The early morning dew and mist had arrived without much fanfare. The warm, moist temperature was hitting its early morning peak. Caelum rose, not entirely rested after being alert to every sound and wind rustle that had activated the alarm. Using the spear as a crutch to rise, he groaned. Every movement of his legs sent the pain coursing through his body.

Today, he planned to collect soil and water samples. The RMA would pay a hefty sum for samples from such a vibrant and active rift. He checked his kit in the dim light of the hollow: sterile screw-cap vials nested in an insulated pouch, a wide-mouth soil jar, tamper-proof seals, a ziplock bag, alcohol wipes, and a grease pencil for waterproof labels. Gathering everything together, he set out from the hollow.

He made his way along the roots from tree to tree, wanting to go to a new area for the samples. The hardened exterior of the roots felt like walking on rough-laid concrete. Every few trees, he paused to take notes on the interface, visible life, and environmental data. The little floating interface windows helped summarise what he was seeing.

After an hour of walking, his leg spasming in stubborn protest every fifth step, he found a break in the mangroves.
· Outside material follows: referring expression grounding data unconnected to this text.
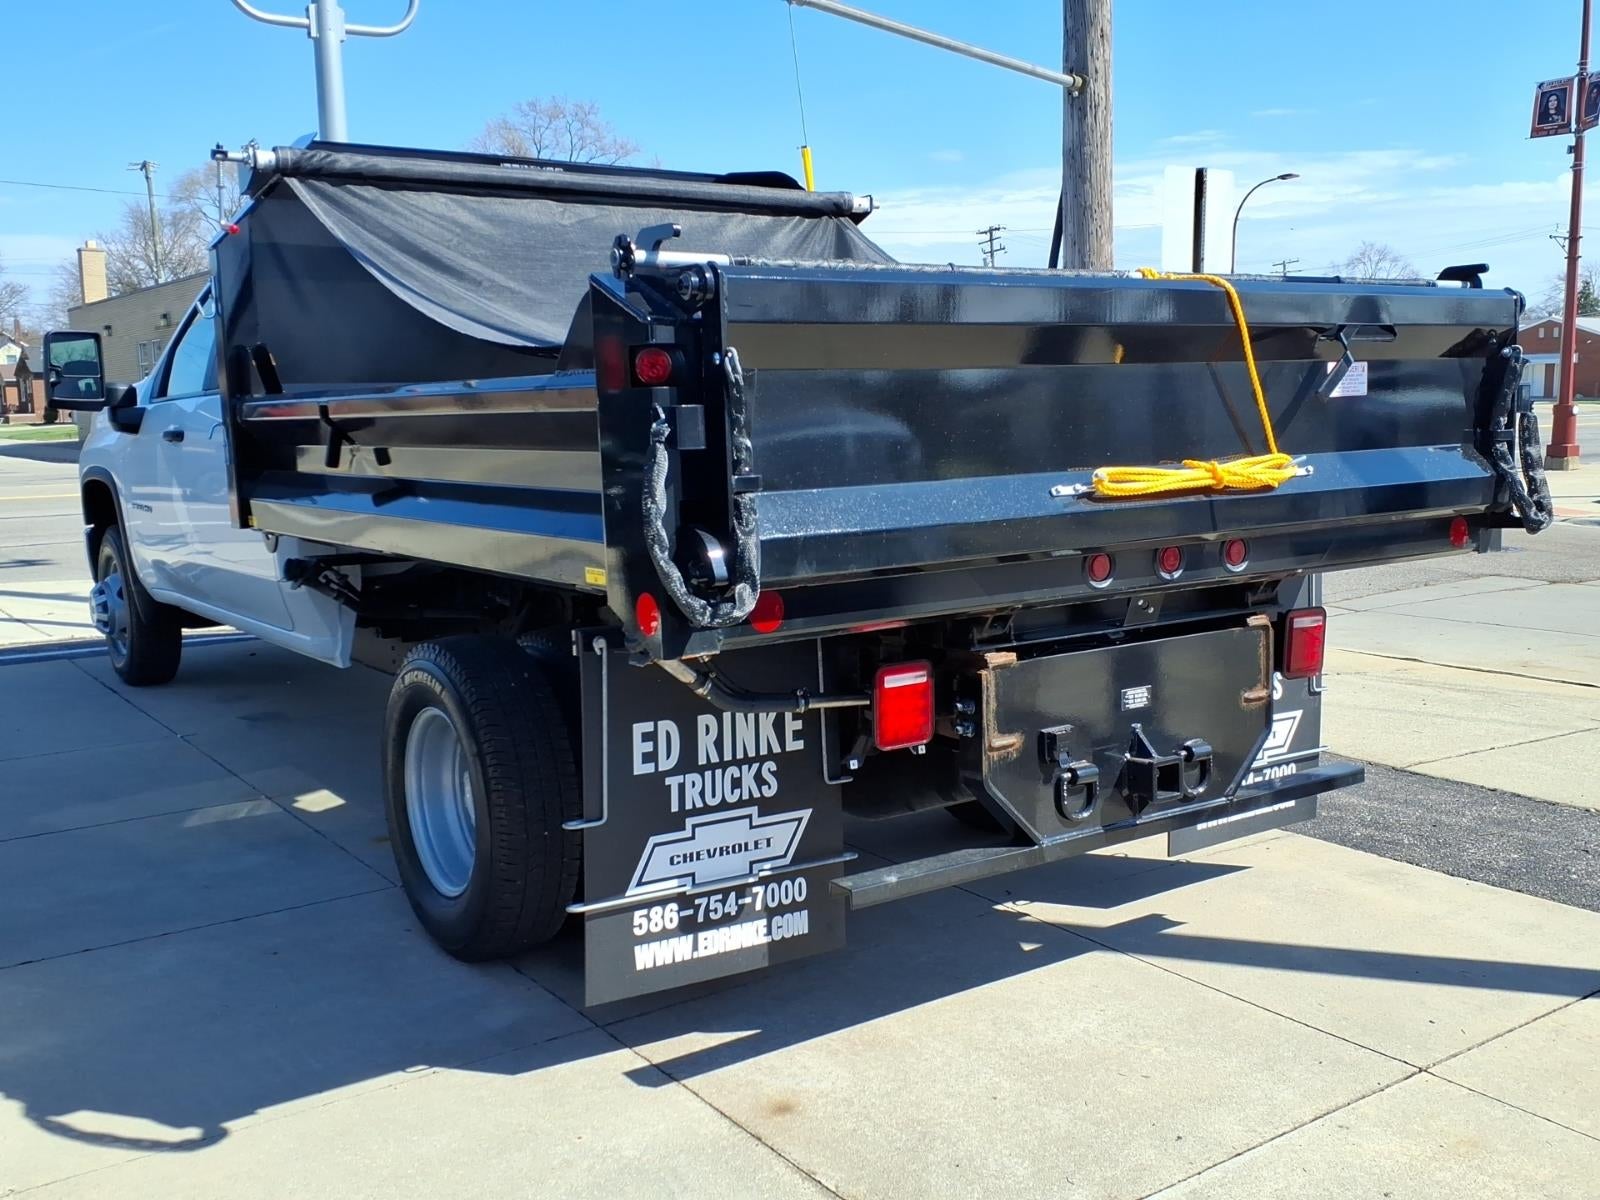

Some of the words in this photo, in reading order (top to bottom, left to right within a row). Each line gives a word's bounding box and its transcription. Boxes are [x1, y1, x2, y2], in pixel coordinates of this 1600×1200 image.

[404, 670, 442, 695] MICHELIN
[632, 720, 681, 775] ED
[697, 711, 804, 765] RINKE
[665, 761, 778, 812] TRUCKS
[669, 836, 774, 866] CHEVROLET
[632, 876, 808, 936] 586-754-7000
[634, 909, 809, 971] WWW.EDRINKE.COM
He pulled out his pocket knife and started scraping away at the root while resting. It took 10 minutes to get a decent scratch in the bark, and after another 20 minutes, he had a small piece of bark, which he stored in a ziplock bag. He labelled the bag and sealed it.

He moved slowly down from the massive roots toward the waterline, opening a screw-cap vial, collecting water samples, marking them, and affixing a tamper-proof seal. He then grabbed his knife, wiping off the sweat on his forehead with his other hand. Caelum plunged the blade into the dark, loamy soil at the water's edge. The earth yielded with a soft, wet sound as he twisted and scooped, revealing layers of decomposing mangrove matter, russet and black, threaded with pale roots and the occasional glint of something that caught the filtered light. The rich, earthy smell of decay rose to meet him as he carefully transferred the sample to his jar.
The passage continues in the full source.